Girl meets girl. Girl leaves boy for girl. Girl misses boy and comes back. But then, girl misses girl.

Got that?But the real question is, can all three live together happily ever after? A domestic, bisexual menage a trois, if you will.

Apparently they can . . . at least in bad movies. And "French Twist" is about as bad as they come.

"French Twist" is a French film with a Spanish star, Victoria Abril (veteran of such Pedro Almodovar flicks as "Tie Me Up! Tie Me Down!" and "High Heels"). She plays a slightly scatterbrained wife and mother named Loli (Abril), who is perfectly content with her life in a small, provincial town in southern France.

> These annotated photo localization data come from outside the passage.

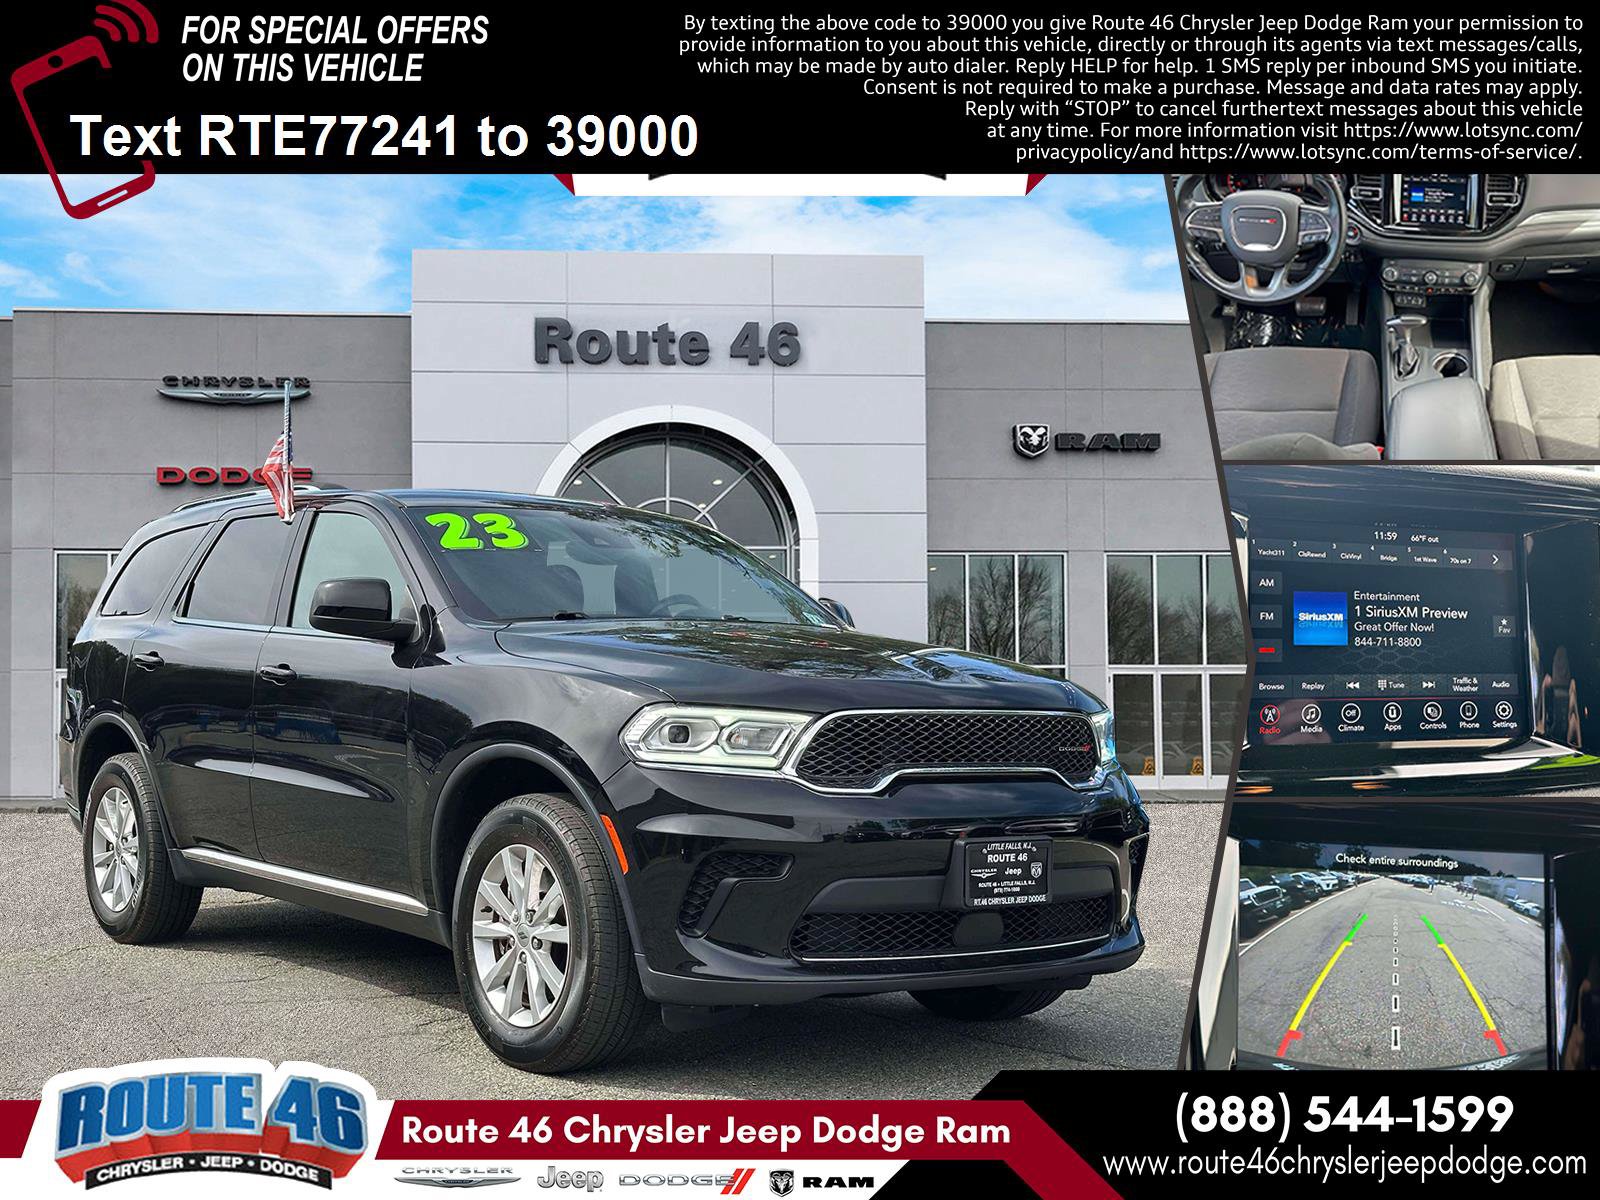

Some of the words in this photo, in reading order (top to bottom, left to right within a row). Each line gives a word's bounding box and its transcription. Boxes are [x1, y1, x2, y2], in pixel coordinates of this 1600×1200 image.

[534, 317, 710, 365] Route
[729, 320, 801, 367] 46
[162, 375, 311, 388] CHRYSLER
[1055, 433, 1161, 451] RAM
[424, 512, 529, 550] 23
[1374, 531, 1398, 540] 11:59
[1259, 578, 1275, 587] AM
[1353, 590, 1420, 602] Entertainment
[1259, 612, 1274, 620] FM
[1298, 612, 1344, 621] SiriusXM
[1354, 605, 1361, 617] 1
[1365, 605, 1418, 618] SiriusXM
[1422, 606, 1469, 619] Preview
[1354, 621, 1382, 632] Great
[1383, 621, 1408, 632] Offer
[1410, 622, 1435, 632] Now!
[1498, 626, 1511, 634] Fav
[1354, 636, 1422, 648] 844-711-8800
[1258, 682, 1285, 690] Browse
[1301, 682, 1325, 691] Replay
[1388, 681, 1405, 689] Tune
[1491, 680, 1510, 688] Audio
[1345, 709, 1357, 717] Off
[1300, 725, 1323, 733] Media
[1338, 724, 1365, 732] Climate
[1384, 722, 1402, 731] Apps
[1420, 722, 1447, 730] Controls
[1459, 721, 1480, 729] Phone
[1492, 720, 1518, 729] Settings
[1259, 726, 1281, 734] Radio
[987, 843, 1004, 851] LITTLE
[987, 853, 1016, 863] ROUTE
[1017, 853, 1028, 862] 46
[1335, 852, 1367, 864] Check
[1369, 855, 1396, 866] entire
[1398, 857, 1459, 870] surroundings
[1004, 867, 1022, 876] Jeep
[987, 896, 1015, 905] CHRYSLER
[1015, 895, 1028, 904] JEEP
[1028, 894, 1047, 903] DODGE

One afternoon, as Loli is trying to remove a child's toy from the kitchen drain, a van breaks down in front of the house and a stocky, short-haired, tough-talking, cigarillo-smoking lesbian named Marijo (Josiane Balasko, who also wrote and directed the film) knocks on the door. Loli's 5-year-old son tells her, "There's a man at the door."

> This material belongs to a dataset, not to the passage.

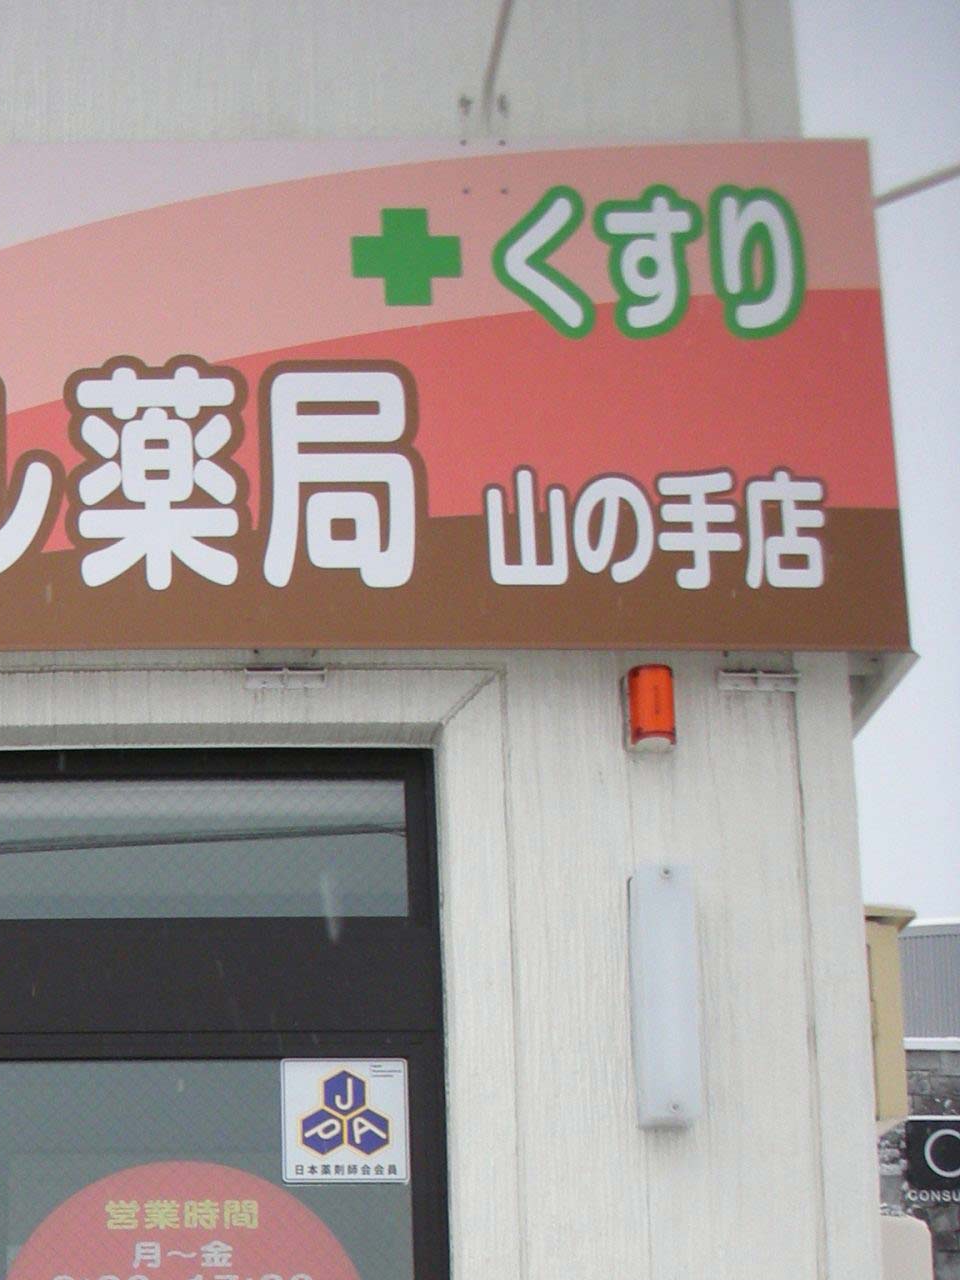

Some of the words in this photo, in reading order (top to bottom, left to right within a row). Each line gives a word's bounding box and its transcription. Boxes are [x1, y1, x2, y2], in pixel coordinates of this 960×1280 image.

[498, 185, 803, 337] くすり
[484, 464, 828, 592] 山の手店
[295, 1164, 398, 1176] 日本薬剤師会会員
[104, 1199, 259, 1230] 営業時間

Marijo is invited in, fixes the drain and finds herself immediately attracted to Loli, though her advances are politely declined. That is, until Loli discovers that her husband, Laurent (Alain Chabat), has been unfaithful.

Of course, this guy isn't simply having an affair - he's turned adultery into a second career; several trysts a day with several different women.

So, Loli succumbs to Marijo's charms and invites her to live with them, which drives Laurent crazy. When Laurent promises to change his ways, they work out a system - each week Loli will spend three days with Laurent and three days with Marijo. She gets Sundays off. (Goodness knows what Loli and Laurent's kids think about this.)

The result is the kind of door-slamming bedroom farce that no one can make anymore, and it also offers plenty of excuses for Abril to take off her clothes, which she does frequently.

The problem is, none of this is in the least bit funny.

Balasko (whose most familiar work to American audiences is as an actress in "Too Beautiful for You") is a heavy-handed director, encouraging her perfomers to play it all quite broadly, though her ridiculously contrived screenplay cries out for a light touch. She also deals exclusively in stereotypes, and much of the dialogue is made up of insult-comedy with a mean-spirited edge.

"French Twist" is rated R for violence, sex, nudity, profanity, vulgarity and marijuana smoking.